_GIVEN RECORDS:_
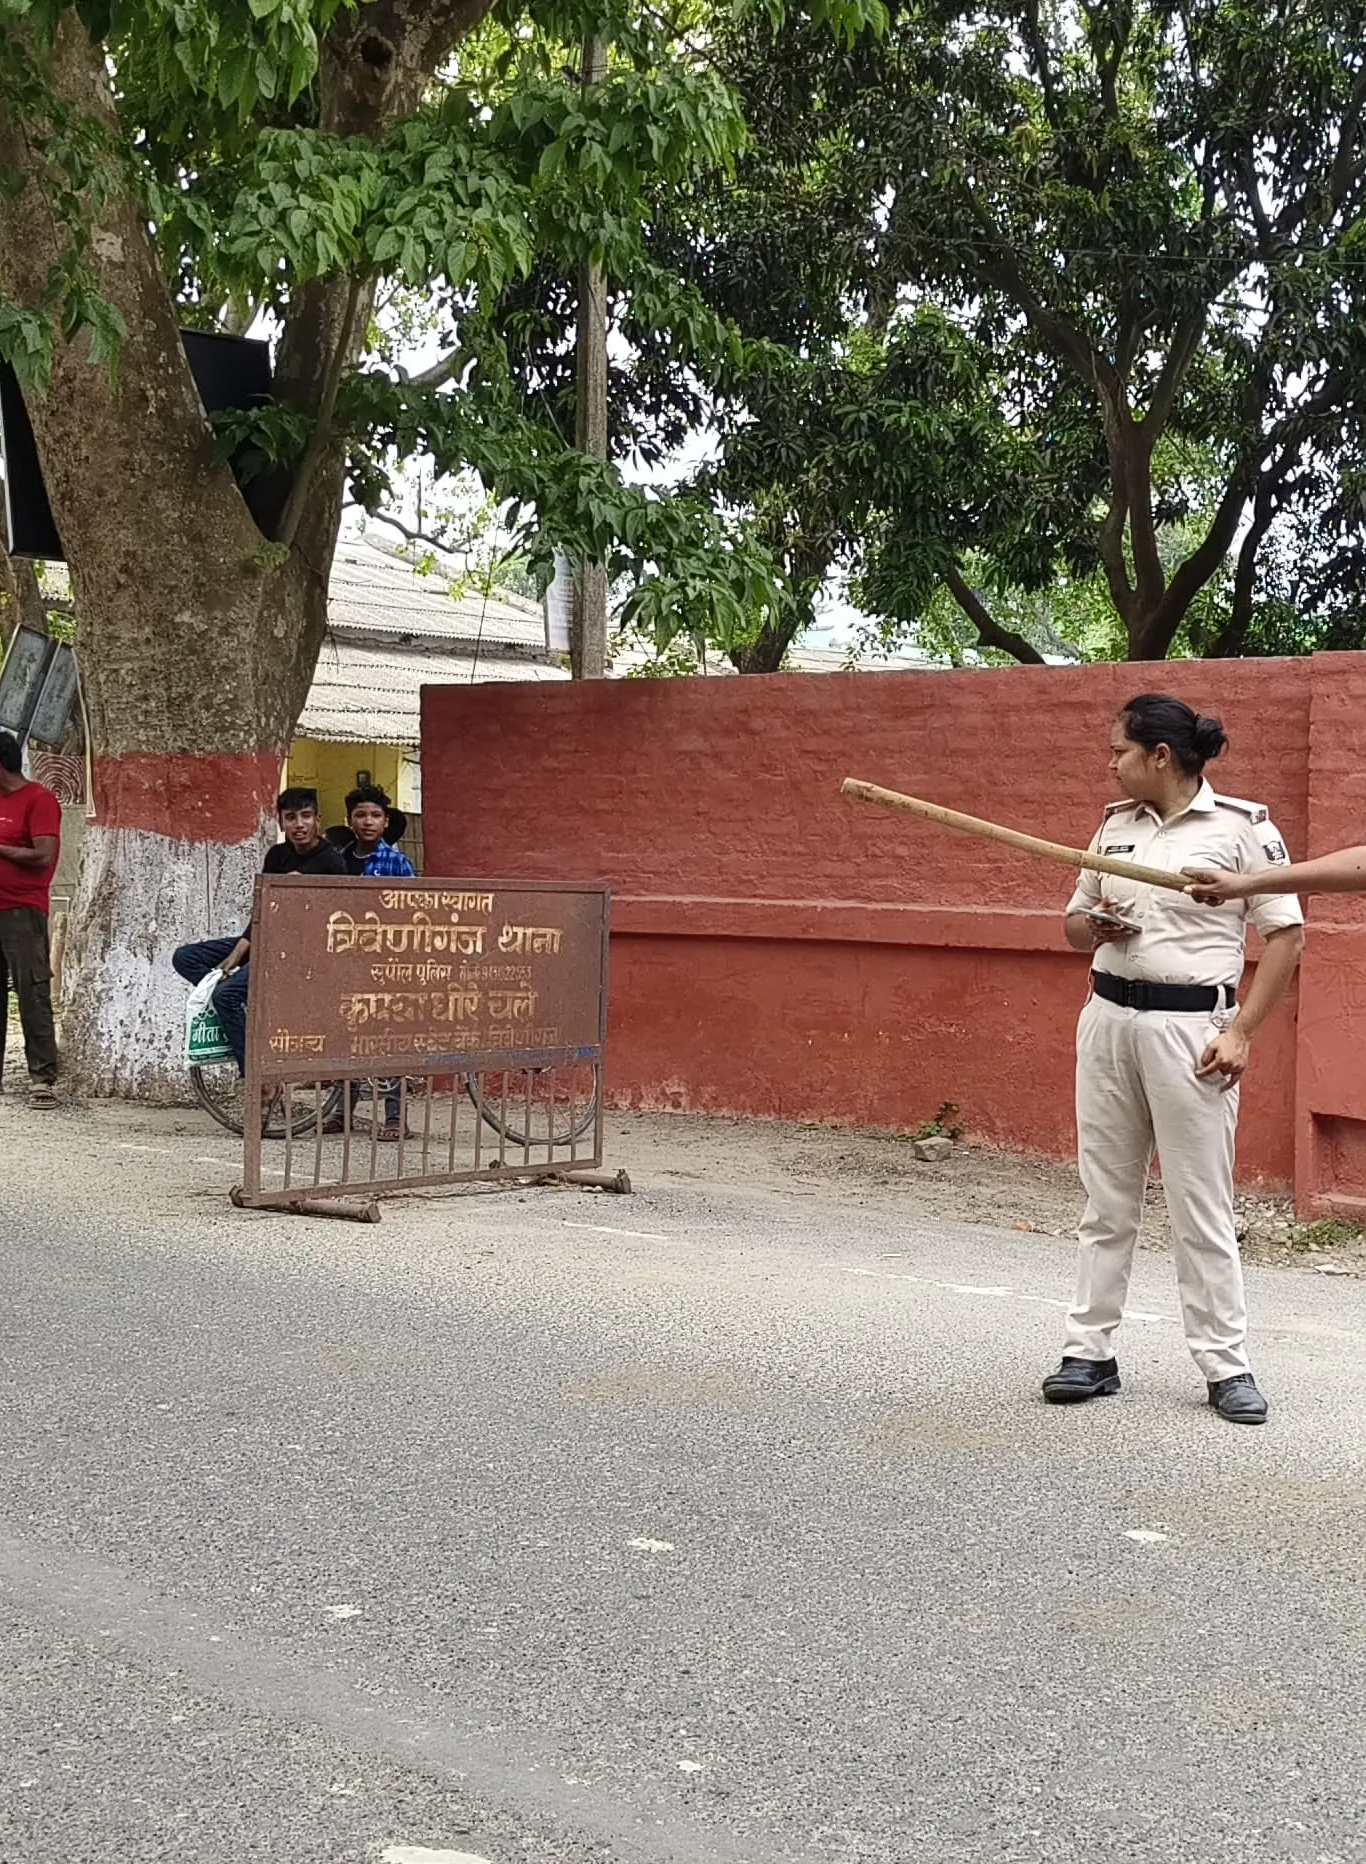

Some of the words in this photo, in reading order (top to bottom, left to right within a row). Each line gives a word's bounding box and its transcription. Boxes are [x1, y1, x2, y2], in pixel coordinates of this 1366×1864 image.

[441, 891, 495, 915] स्वागत
[326, 910, 488, 954] त्रिवेणीगंज
[497, 920, 564, 954] थाना
[370, 957, 414, 986] सुपौल
[416, 958, 454, 986] पुलिस
[430, 981, 483, 1022] धीरे
[192, 1021, 220, 1044] गीता
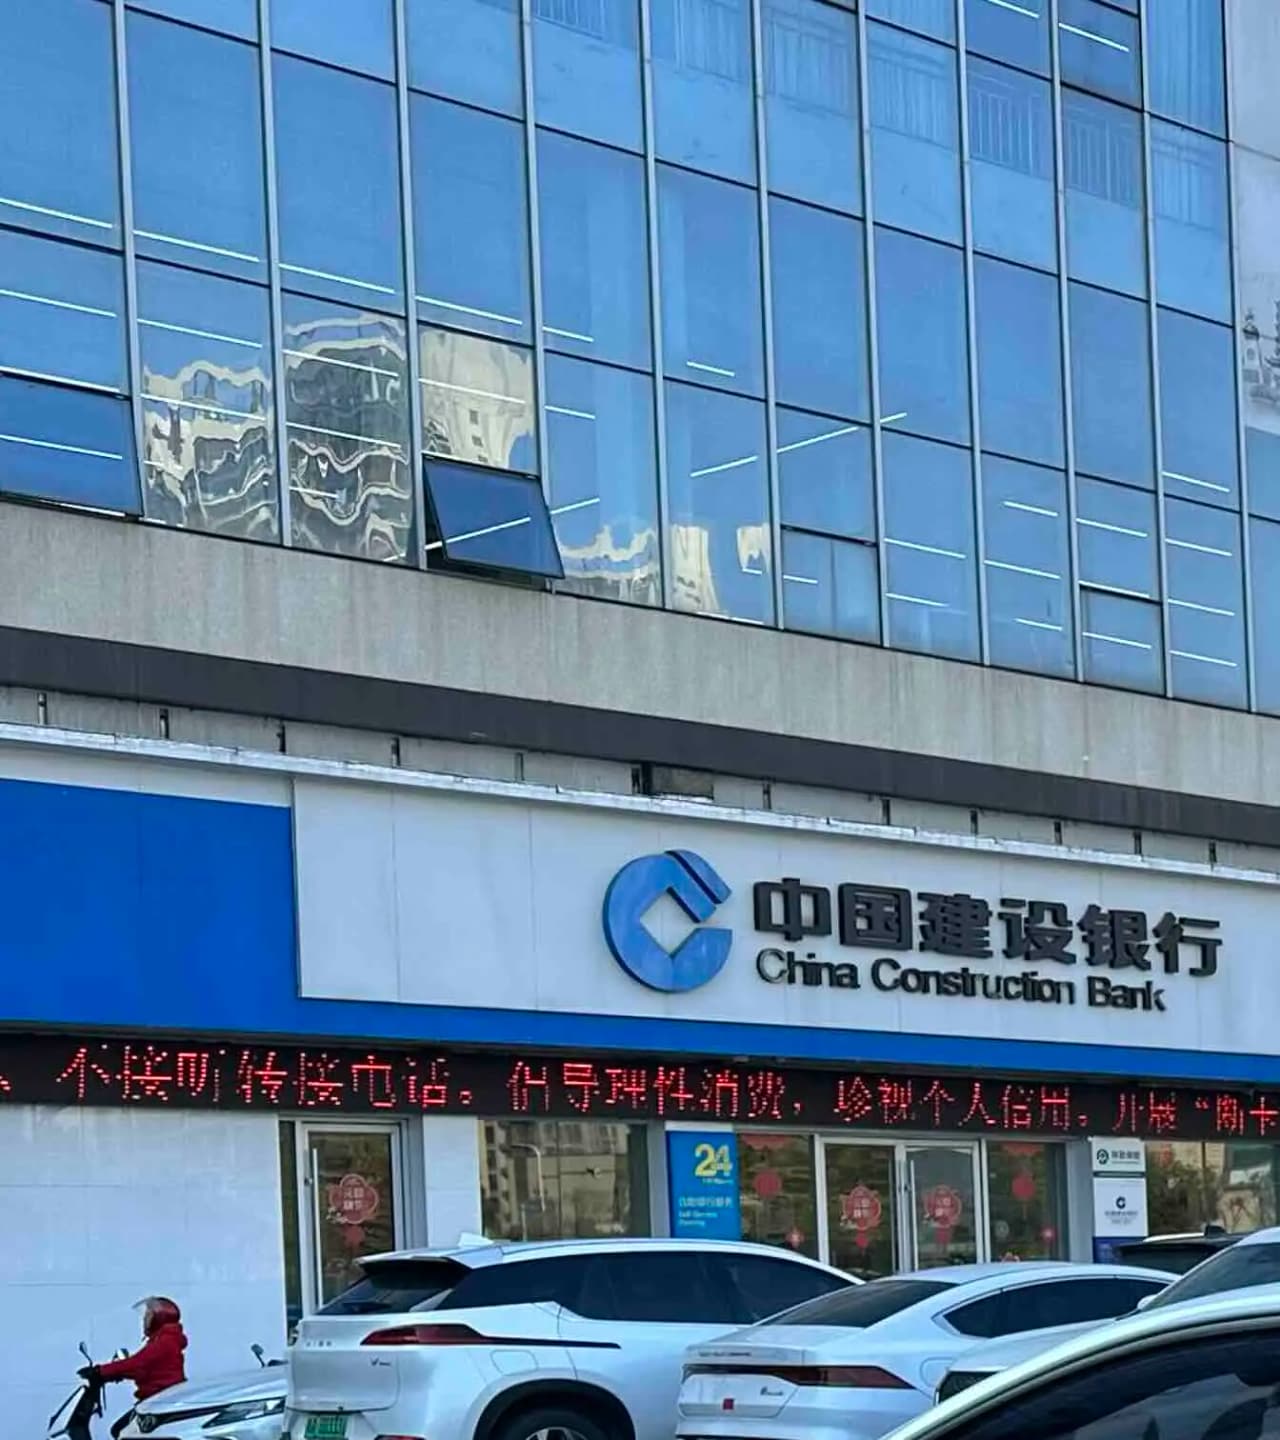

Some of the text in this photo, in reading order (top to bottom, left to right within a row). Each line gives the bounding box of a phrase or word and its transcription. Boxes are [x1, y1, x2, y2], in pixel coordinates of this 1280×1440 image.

_PROBLEM DETAILS:_ Your copy should hold all the data word for word. It should hold no pictures.

_EXERCISE SOLUTION:_
Some of the words in this photo, in reading order (top to bottom, left to right within a row). Each line gives a word's bounding box and its transcription. Boxes are [x1, y1, x2, y2], in pixel coordinates of this 1366×1864 image.

[441, 891, 495, 915] स्वागत
[326, 910, 488, 954] त्रिवेणीगंज
[497, 920, 564, 954] थाना
[370, 957, 414, 986] सुपौल
[416, 958, 454, 986] पुलिस
[430, 981, 483, 1022] धीरे
[192, 1021, 220, 1044] गीता

Some of the text in this photo, in reading order (top to bottom, left to right within a row). Each line gives the bounding box of a phrase or word and its transcription. Boxes are [x1, y1, x2, y2], in pixel coordinates of this 1280×1440 image.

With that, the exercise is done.